# Convert 12V DC to 6V DC

ezrollin
Copper - Posts: 65
Joined: August 22, 2008
Location: Texas, United States
Posted: August 22, 2008 at 7:14 PM / IP Logged

I hook negative voltage meter to negative battery post.

I hook resistors to battery positive then voltage meter positive to the last resistor.

I hear you saying that resistors dont resist voltage but resist Current (amps) instead.  I just dont understand why and how you came up with the 6v using 2 resistors (when it resists current instead of voltage)?   thanks again!!

megaman
Copper - Posts: 385
Joined: June 24, 2008
Location: Montana, United States
Posted: August 22, 2008 at 7:38 PM / IP Logged

first of all your diagram shows the voltmeter in series with the circuit.  This means that you have almost no understand of basic electronic principles.  Please do not attempt to build a circuit.  No need to get all huffed up about not knowing basic electronics, I have no idea how to make a cake and that is pretty simple.. so I'm told.

Here's your proper voltage divider diagram which WILL NOT WORK in your scenario as it doesn't supply the necessary current for your application, and for a host of other reasons.

ezrollin
Copper - Posts: 65
Joined: August 22, 2008
Location: Texas, United States
Posted: August 22, 2008 at 8:01 PM / IP Logged

wow, are you an electrician or an artist?  very nice!

thanks alot!

i am an idiot
Platinum - Posts: 13,566
Joined: September 21, 2006
Location: Louisiana, United States
Posted: August 22, 2008 at 8:41 PM / IP Logged
ezrollin wrote:
 I hook negative voltage meter to negative battery post.I hook resistors to battery positive then voltage meter positive to the last resistor.   I hear you saying that resistors dont resist voltage but resist Current (amps) instead.  I just dont understand why and how you came up with the 6v using 2 resistors (when it resists current instead of voltage)?   thanks again!!

If you connect the above circuit, the meter will read 12 volts.  The reason for this is there is no current going through the circuit.  The input impedance of your meter is phenominally high.  The resistors will drop voltage, but it is dependent on current.  No current draw, no voltage drop.

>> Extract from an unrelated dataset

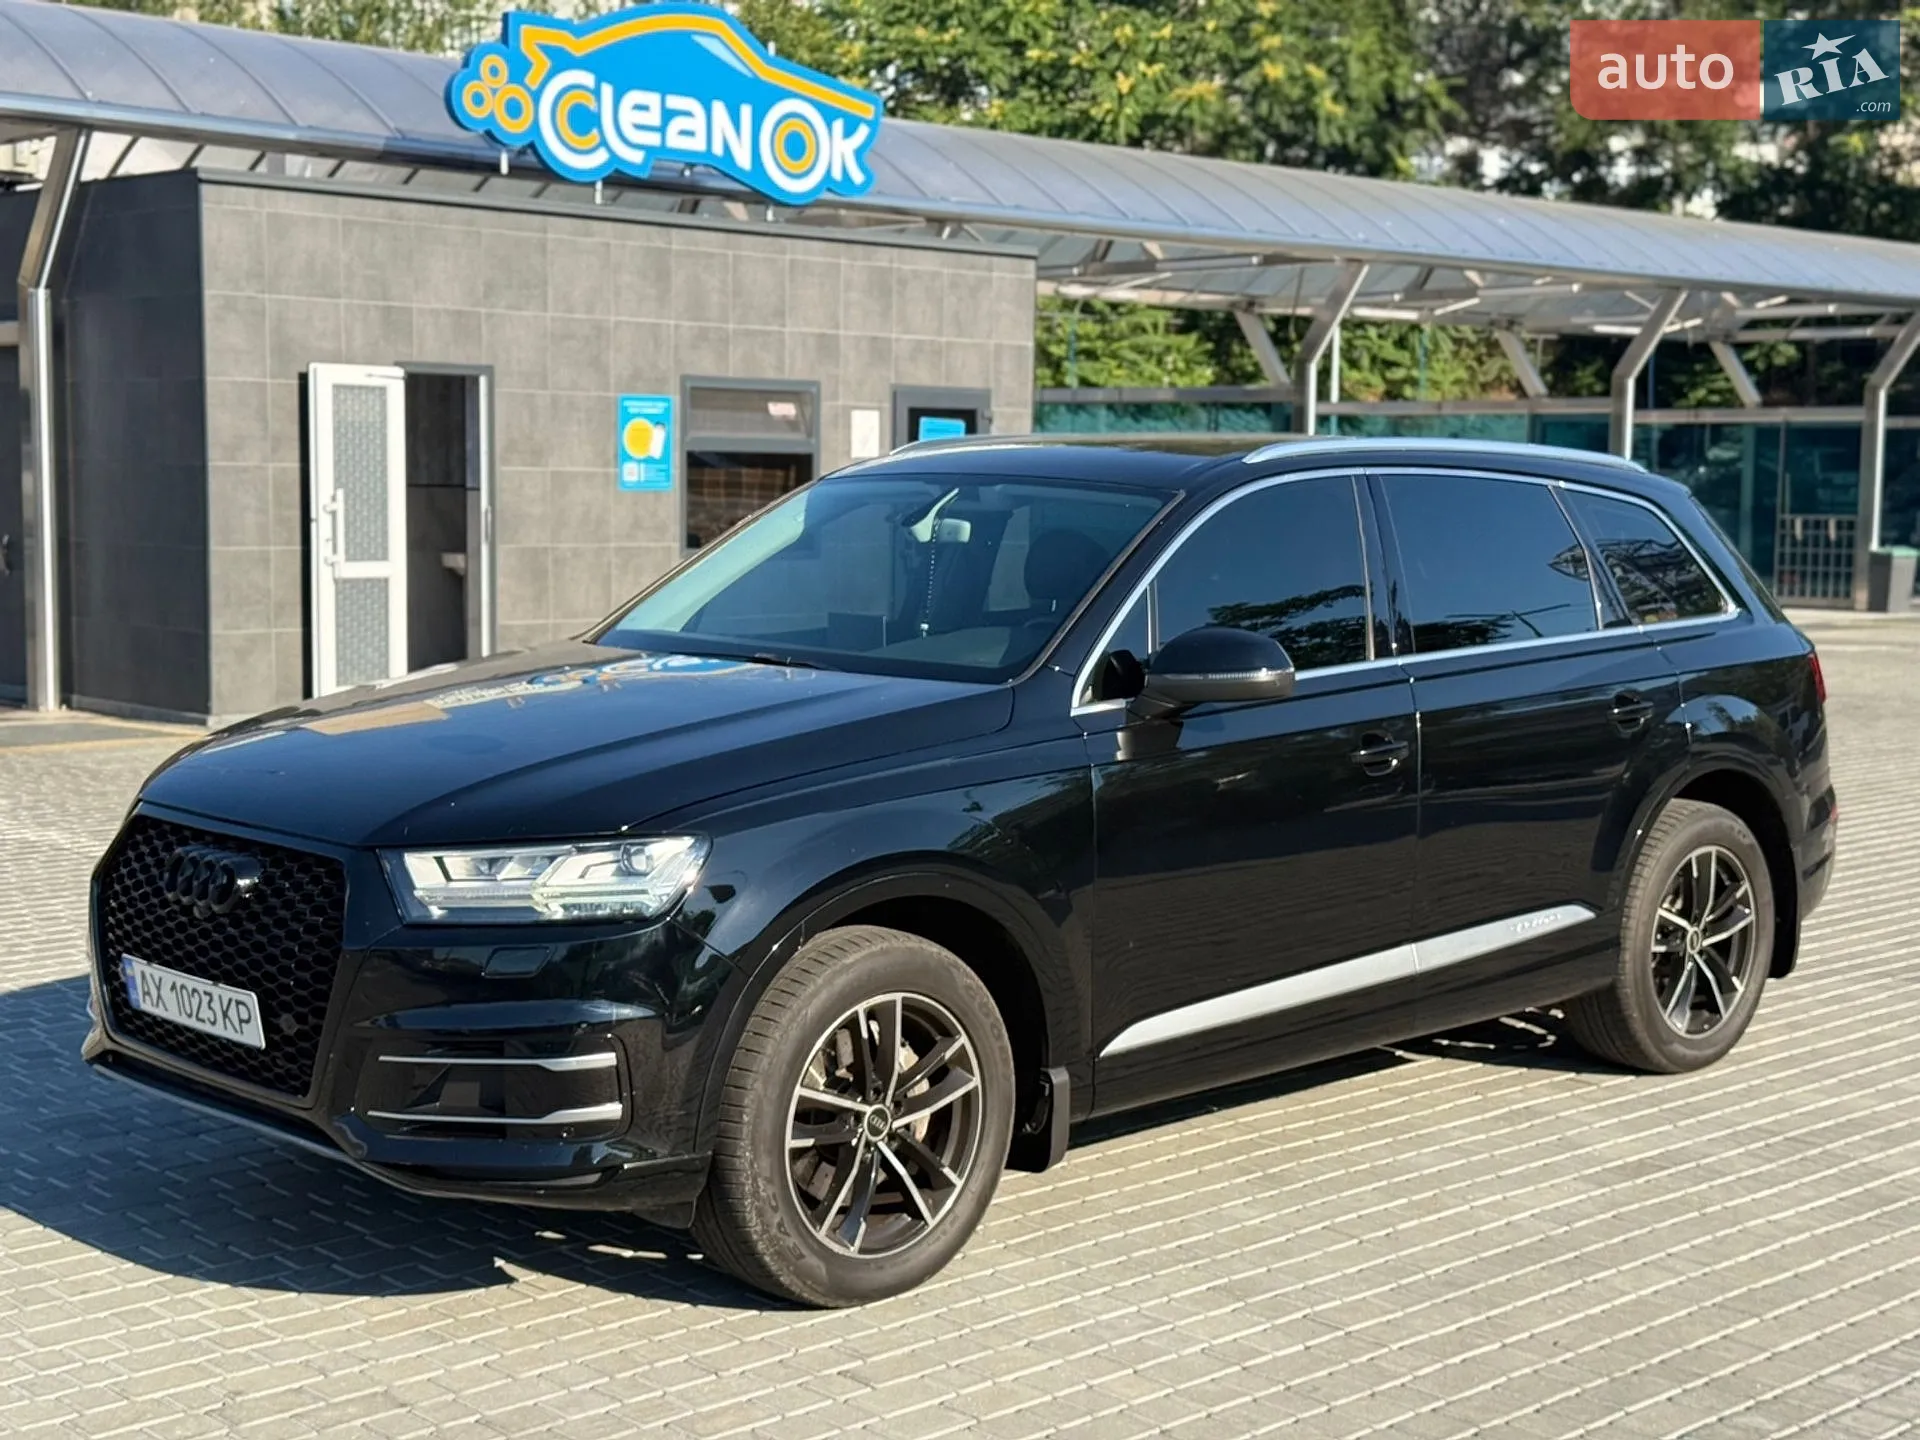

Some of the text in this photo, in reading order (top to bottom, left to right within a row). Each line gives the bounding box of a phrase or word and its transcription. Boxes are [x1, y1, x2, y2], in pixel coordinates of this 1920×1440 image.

[140, 970, 253, 1035] AX 1023 KP

The reason you can use a resistor to drop voltage for an LED or a light bulb, (things that do not vary in current draw) is that they pull a given amount of current, you can adjust the value of the resistor to get the appropriate amount of voltage drop, to power the lamp or LED. The reason you can not use a resistor to drop voltage on a pump (or anything electromechanical) is that when it is not under a load, it will not pull as much current as it does when under a load.  So when you need the pump most, it will not be getting enough voltage to operate.

ezrollin
Copper - Posts: 65
Joined: August 22, 2008
Location: Texas, United States
Posted: August 22, 2008 at 9:35 PM / IP Logged

thanks alot guys!  very informative!  It looks like I'm dumber than I thought.

you can keep the info coming if you want!

Looks like I have no other choice but to buy the voltage regulator (which is fine, would love to have several)

On my motorcycle my key lock cylinder has failed.  When I turn my key to run I get NO lights whatsoever.   12v goes into my key lock cylinder and when the correct key is inserted the key lock cylinder is supposed to spit out 6v DC which goes to my computer (to allow it to run).

I'm trying to bypass my key lock cylinder.

I have no problems posting the title to my bike or whatever you want.

Much appreciated!

i am an idiot
Platinum - Posts: 13,566
Joined: September 21, 2006
Location: Louisiana, United States
Posted: August 22, 2008 at 9:53 PM / IP Logged

What kind of bike is this?   I have heard of the same Hocus Pocus on a GSXR, but several are for sale on the internet with Remote start units installed.  I found a diagram of the GSXR and there is nothing of the sort on the bike.  They say the ECU is looking for 9 volts on that bike, according to the diagram, the ignition switch provides a ground for the ECU  the Magic Regulator is inline with the power wire of the ECU.

i am an idiot
Platinum - Posts: 13,566
Joined: September 21, 2006
Location: Louisiana, United States
Posted: August 22, 2008 at 10:02 PM / IP Logged

I still have no idea what kind of Bike you have,  here is the diagram for the GSXR   Ignition switch is in center of page at top.   ECU is at top all the way to the right.  This bike too is supposed to have some magic in the key.  Notice the right side of the ignition switch simply connects the orange wire from the ECU to ground.  The ECU may only run on 9 volts as they say, but if it does, the regulation is in the power side of the unit.  The orange wire is simply looking for ground to allow it to turn on.

ezrollin
Copper - Posts: 65
Joined: August 22, 2008
Location: Texas, United States
Posted: August 22, 2008 at 10:05 PM / IP Logged

sorry about that delay

Its a 2001 Kawasaki Ninja 750 P model (carbs)

clean & clear title

Paid \$3500 from some sort of lawyer guy in dallas

ezrollin
Copper - Posts: 65
Joined: August 22, 2008
Location: Texas, United States
Posted: August 22, 2008 at 10:14 PM / IP Logged

That has no load... it would get really hot and might explode the battery.  Am I remotely correct?

i am an idiot
Platinum - Posts: 13,566
Joined: September 21, 2006
Location: Louisiana, United States
Posted: August 22, 2008 at 10:28 PM / IP Logged
Not gonna blow up or heat up as long as the resistors are 1 watt or larger. The circuit will need to handle 3/4 of a watt.
OHM'S LAW
BASE FORMULAS      P=I*E      E=I*R
TO FIND VOLTAGE      E=P/I      E=I*R      E=SQR(P*R)
TO FIND CURRENT      I=P/E      I=E/R      I=SQR(P/R)
TO FIND POWER      P=I*E      P=E2/R      P=I2*R
TO FIND RESISTANCE      R=E2/P      R=E/I      R=P/I2
P = Power in Watts
E = Electromotive Force in Volts
I = Electrical Current in Amps
R = Electrical Resistance in Ohms
SQR = Square Root
Note:
I use 'E' to represent voltage most of the time but sometimes you'll see 'V' used for voltage. Don't let it confuse you.